Japanese Exchange program cancelled
Hino Motors no longer sponsoring essay winners
The annual Japanese Exchange Program has been cancelled this year due to a change of sponsors. Hino Motors, the previous financial sponsor for the Japanese Exchange left the program, and the remaining sponsor, Sankei News that deals with public relations, still remains. The program is in the process of finding a new financial sponsor, but it is unlikely they will find one to replace Hino Motors this year. Therefore, the program is cancelled for the 2006-2007 school year.
The Japanese Exchange Program provided a bridge between the United States and Japan, allowing students to travel to different countries and get a feel of different cultures and new environments.

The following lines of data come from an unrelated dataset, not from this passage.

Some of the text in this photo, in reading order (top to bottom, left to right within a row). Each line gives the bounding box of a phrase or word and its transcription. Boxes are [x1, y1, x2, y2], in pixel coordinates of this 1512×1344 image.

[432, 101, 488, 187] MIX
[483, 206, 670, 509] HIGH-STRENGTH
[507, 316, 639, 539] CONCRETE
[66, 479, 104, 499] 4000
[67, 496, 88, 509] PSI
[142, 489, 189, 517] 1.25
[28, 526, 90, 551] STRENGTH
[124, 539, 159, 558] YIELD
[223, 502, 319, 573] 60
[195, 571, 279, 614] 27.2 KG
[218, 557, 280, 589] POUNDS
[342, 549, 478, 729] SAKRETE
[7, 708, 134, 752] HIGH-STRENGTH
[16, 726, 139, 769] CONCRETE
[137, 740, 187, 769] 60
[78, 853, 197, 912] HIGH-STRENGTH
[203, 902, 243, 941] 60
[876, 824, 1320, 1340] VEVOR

In the past years, two students from Abraham Lincoln High School were selected to travel to Japan. The application was opened to juniors, seniors and students currently taking Japanese as a language. They were required to write an essay. If their essay was selected, they would move on to the next round and be interviewed by a panel of teachers and principal Ronald Pang. Then from there, the two are selected.
Students were disappointed to hear that the program was cancelled.

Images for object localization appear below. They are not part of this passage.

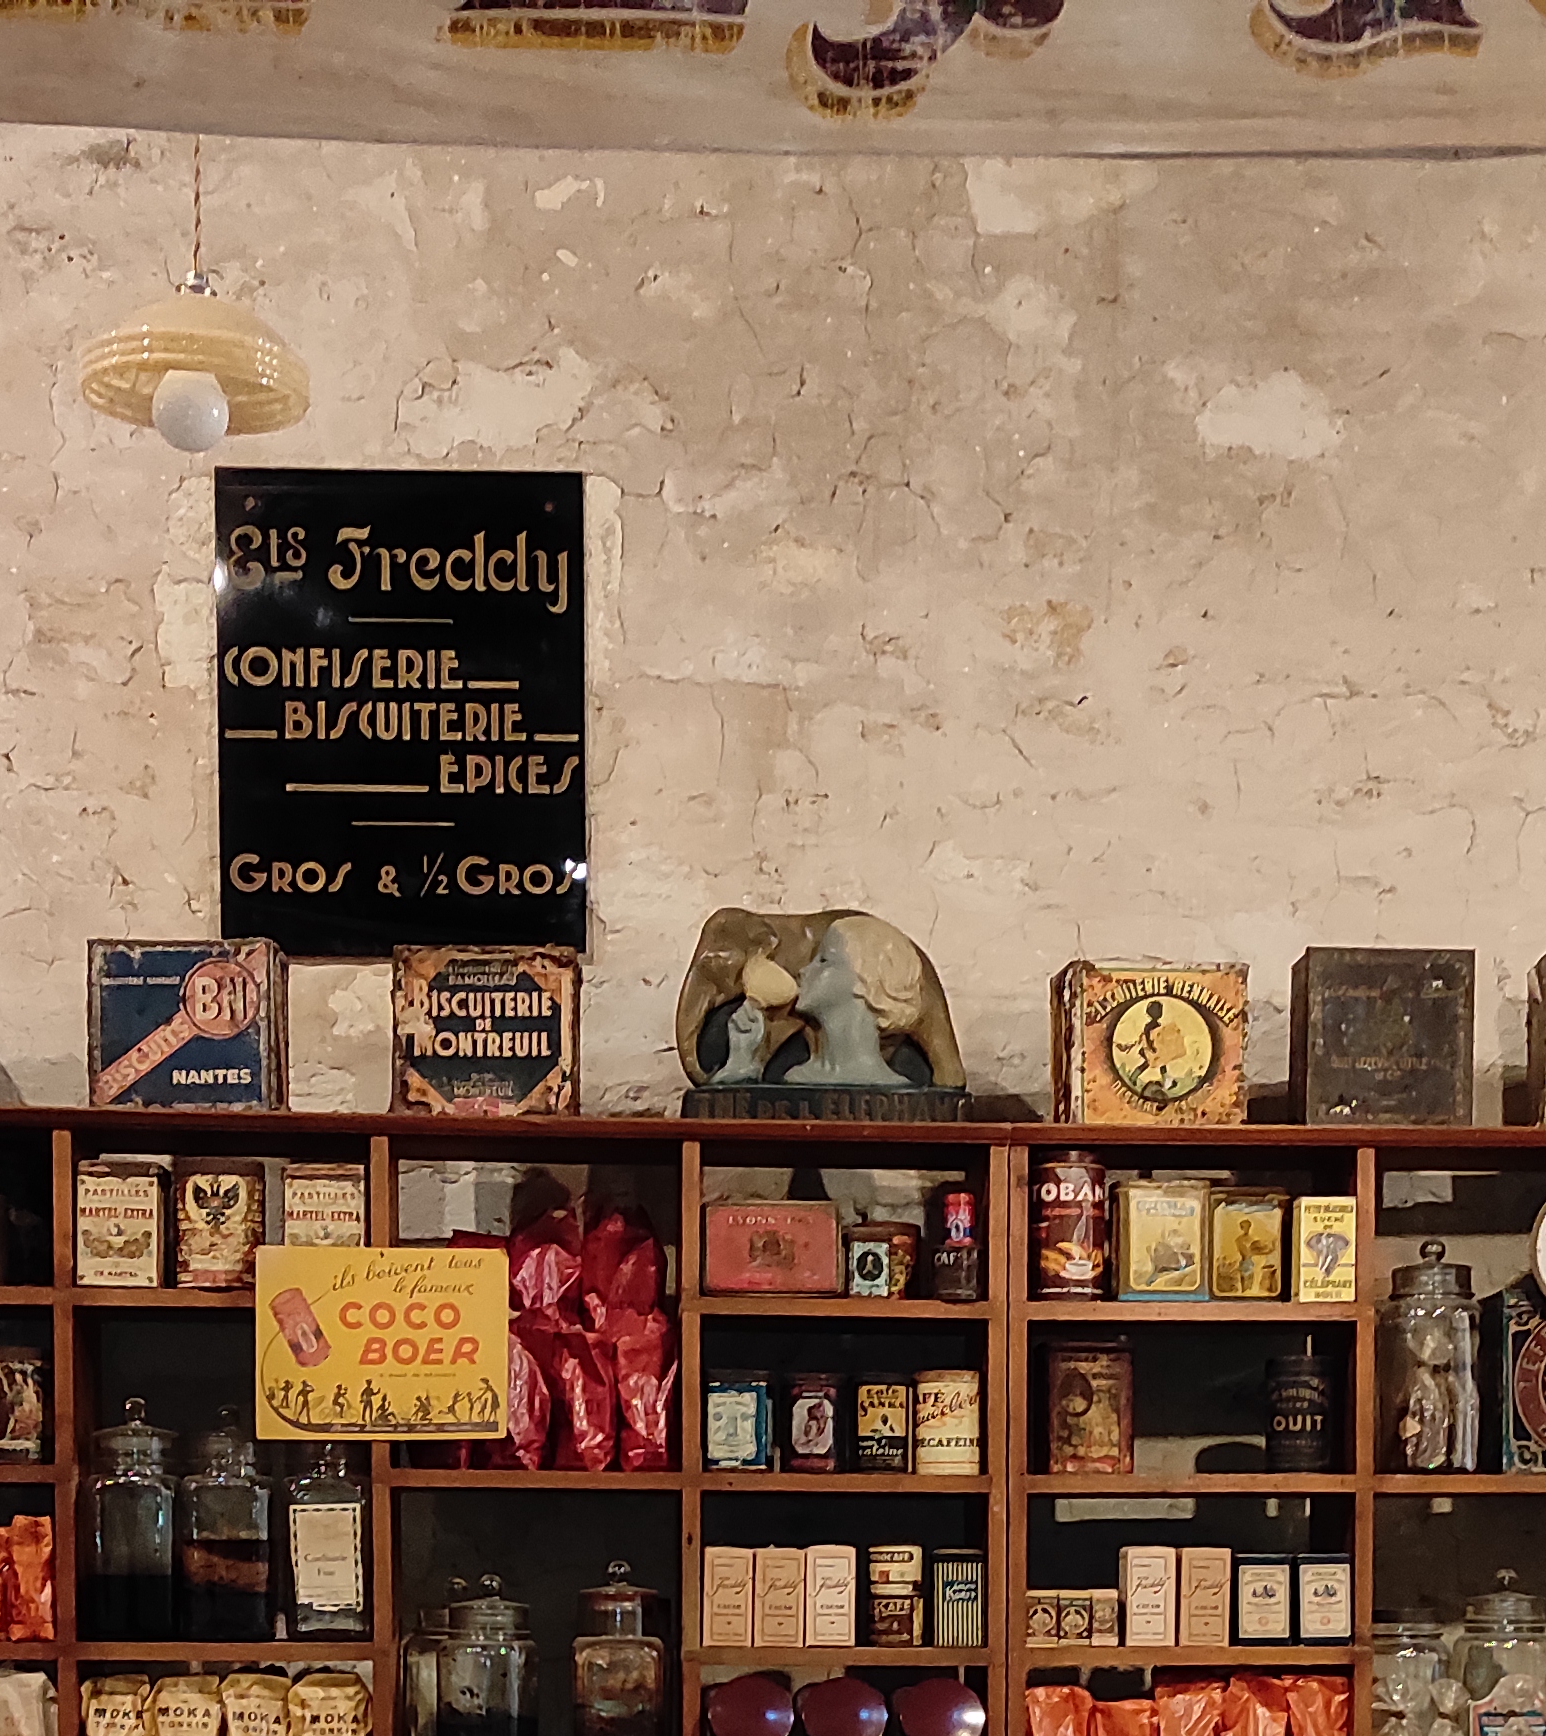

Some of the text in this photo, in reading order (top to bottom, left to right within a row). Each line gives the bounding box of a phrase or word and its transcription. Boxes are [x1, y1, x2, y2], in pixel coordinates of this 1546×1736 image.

[327, 524, 569, 614] Freddy
[224, 646, 463, 690] CONFISERIE
[284, 700, 527, 742] BISCUITERIE
[229, 853, 352, 895] GROS
[377, 864, 402, 898] &
[194, 975, 248, 1022] BN
[413, 977, 553, 1018] BISCUITERIE
[1172, 979, 1237, 1027] RENNAISE
[475, 1017, 493, 1032] DE
[97, 1013, 191, 1099] BISCUITS
[413, 1030, 553, 1058] MONTREUIL
[171, 1067, 253, 1087] NANTES
[83, 1188, 150, 1199] PASTILLES
[122, 1208, 155, 1221] EXTRA
[445, 1254, 485, 1270] tous
[338, 1300, 461, 1331] COCO
[358, 1335, 480, 1366] BOER
[93, 1707, 144, 1721] MOKA
[157, 1706, 212, 1720] MOKA
[231, 1710, 282, 1727] MOKA
[309, 1712, 361, 1726] MOKA

“It came as a surprise and a disappointment because I not only wanted to be a potential participant in going to Japan, but I was also looking forward to meeting the students that come from Japan and hosting one of the kids,” senior Lisa Mizuiri said, who has been taking Japanese as a foreign language for four years.
Japanese teacher and foreign language department head, Koichi Sano, is one of the six to seven members of the Hino Motors Committee at this school.
“It doesn’t look like the program will come back this year, but hopefully next year,” Sano said.
Perhaps next year a sponsor will be found and the program will continue to link a bridge between the two different countries, two different cultures, and two different nationalities.